Abstract Algebra: An Introduction is set apart by its thematic development and organization. The chapters are organized around two themes: arithmetic and congruence. Each theme is developed first for the integers, then for polynomials, and finally for rings and groups. This enables students to see where many abstract concepts come from, why they are important, and how they relate to one another. New to this edition is a groups first option that enables those who prefer to cover groups before rings to do so easily. Important Notice: Media content referenced within the product description or the product text may not be available in the ebook version.

Introduction to Machine Learning

The book provides an extensive theoretical account of the fundamental ideas underlying machine learning and the mathematical derivations that transform these principles into practical algorithms.

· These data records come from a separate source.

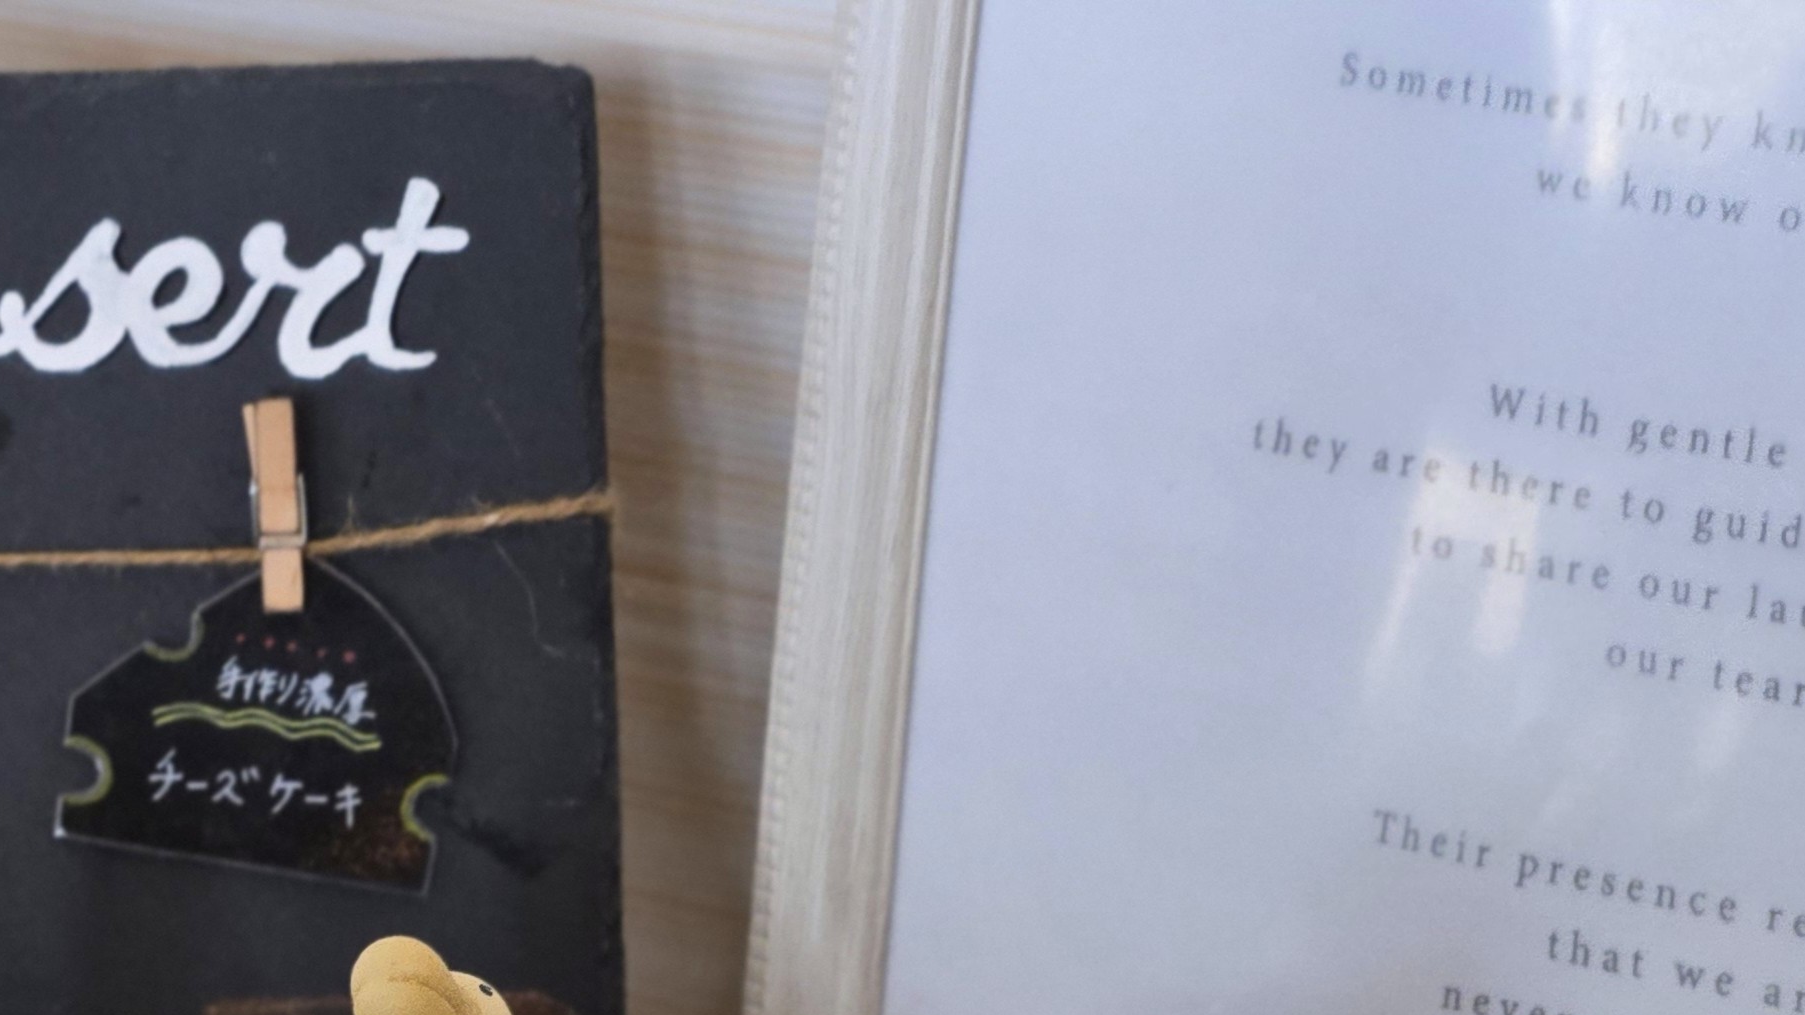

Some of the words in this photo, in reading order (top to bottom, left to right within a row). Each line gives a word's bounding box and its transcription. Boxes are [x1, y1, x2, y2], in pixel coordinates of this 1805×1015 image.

[1340, 51, 1587, 122] Sometimes
[1617, 94, 1724, 151] they
[1536, 168, 1591, 201] we
[1619, 170, 1749, 225] know
[1490, 382, 1600, 438] With
[1626, 415, 1788, 469] gentle
[1252, 415, 1349, 474] they
[1371, 448, 1444, 485] are
[1467, 458, 1593, 511] there
[1620, 487, 1666, 524] to
[1410, 524, 1454, 561] to
[1479, 536, 1612, 590] share
[1638, 571, 1721, 611] our
[215, 654, 378, 725] 手作り濃厚
[1605, 643, 1686, 681] our
[148, 748, 364, 830] チーズケーキ
[1372, 808, 1492, 869] Their
[1513, 852, 1739, 925] presence
[1548, 929, 1645, 979] that
[1674, 959, 1734, 997] we

Introduction to Machine Learning

Author: Aditya Tandon

Publisher: Book Bazooka

ISBN: 9386895714

Page: 153

View: 791

Machine learning is one of the fastest growing areas of computer science, with far-reaching applications. The aim of this textbook is to introduce machine learning, and the algorithmic paradigms it offers, in a principled way. The book provides an extensive theoretical account of the fundamental ideas underlying machine learning and the mathematical derivations that transform these principles into practical algorithms. Following a presentation of the basics of the field, the book covers a wide array of central topics that have not been addressed by previous textbooks. These include a discussion of the computational complexity of learning and the concepts of convexity and stability; important algorithmic paradigms including stochastic gradient descent, neural networks, and structured output learning; and emerging theoretical concepts such as the PAC-Bayes approach and compression-based bounds. Designed for an advanced undergraduate or beginning graduate course, the text makes the fundamentals and algorithms of machine learning accessible to students and nonexpert readers in statistics, computer science, mathematics, and engineering.

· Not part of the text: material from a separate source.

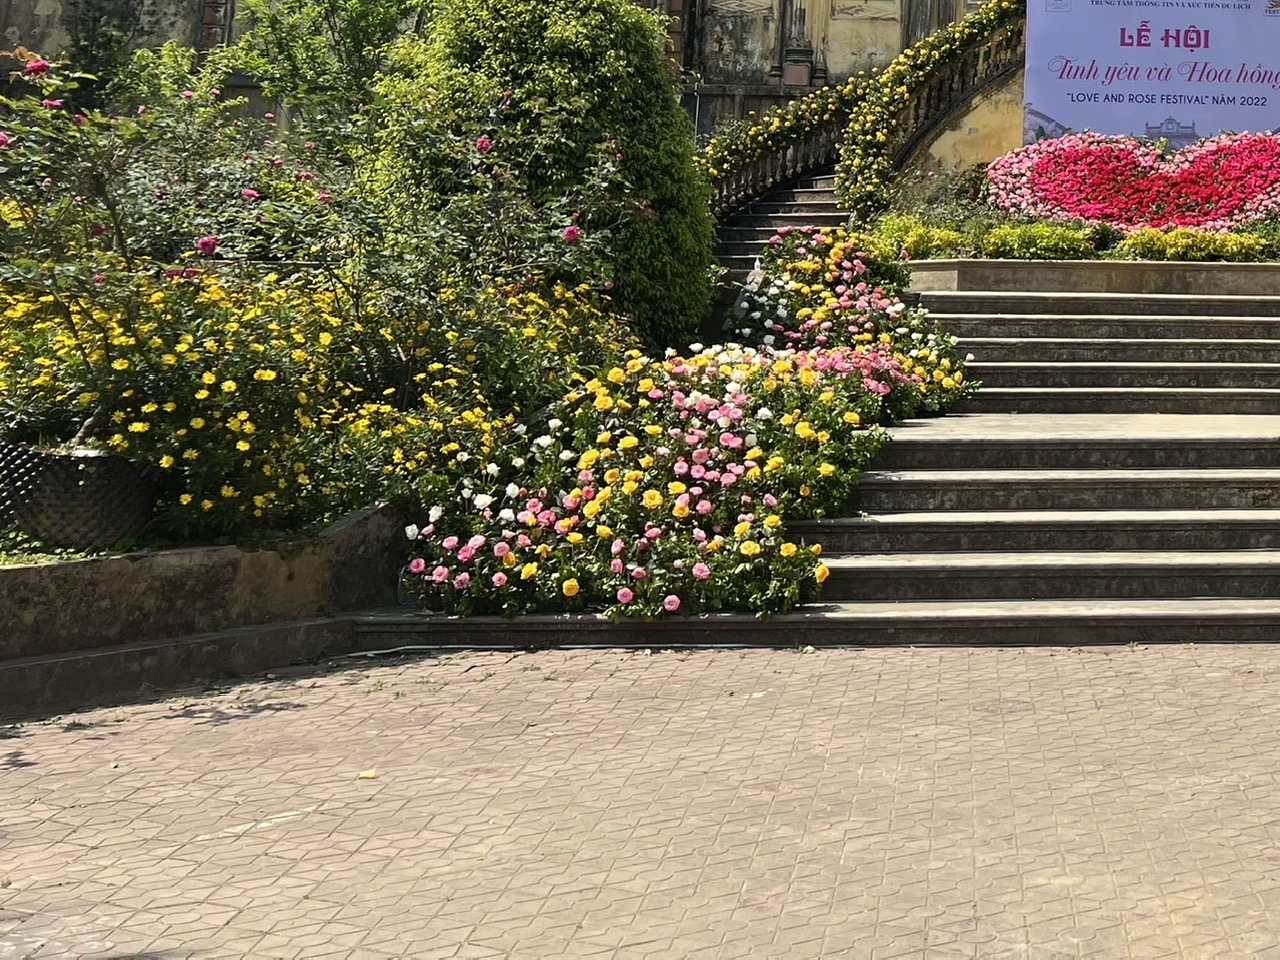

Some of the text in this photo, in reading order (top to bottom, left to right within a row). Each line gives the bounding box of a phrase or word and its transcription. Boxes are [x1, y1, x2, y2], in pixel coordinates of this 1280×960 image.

Teaching and Learning Mathematics

Algebra: the. Transition. from. Arithmetic. Introduction The earliest stages in the
teaching and learning of arithmetic are ... experience early ideas in learning the
concept of fractions, they are being introduced to the 'part-whole' concept which
is ...

Teaching and Learning Mathematics

Author: Marilyn Nickson

Publisher: A&C Black

ISBN: 0826472370

Page: 226

View: 346

This is a summary of the research in all the major topics of interest and concern to teachers of mathematics, from primary (elementary) to secondary (high) schools. It is directed towards students, in-service teachers, maths advisers and tutors.

The Future of the Teaching and Learning of Algebra

It shows some of the differences in school structures that impinge on who learns
algebra and at what stage. It surveys briefly some of the ... There is no attempt
here to be comprehensive, but instead to point out some of the dimensions of
difference around the world. There are weak links between the ... Introduction.
Scope of this survey 13.1.1 As we have seen in various chapters throughout this
book ...

The Future of the Teaching and Learning of Algebra

Author: Kaye Stacey

Publisher: Springer Science & Business Media

ISBN: 1402081308

Page: 371

View: 299

This book presents a wide-ranging, international perspective on the state of the field of algebra from invited participants to the 12th ICMI Study Conference held in Melbourne, Australia in 2001. The authors are renowned academics from all around the world who have written individual chapters associated with the teaching and learning of algebra that relate to their particular areas of research and teaching expertise. The book includes information about different approaches to the teaching and learning of algebra - from early algebra to tertiary algebra, the impact of tools and technology (including Computer Algebra Systems), the role of symbols and language, teachers of algebra, and the history of algebra. The Future of the Teaching and Learning of Algebra: the 12th ICMI Study is of interest to researchers, curriculum developers, educational policy makers, teachers of mathematics, and trainee mathematics teachers.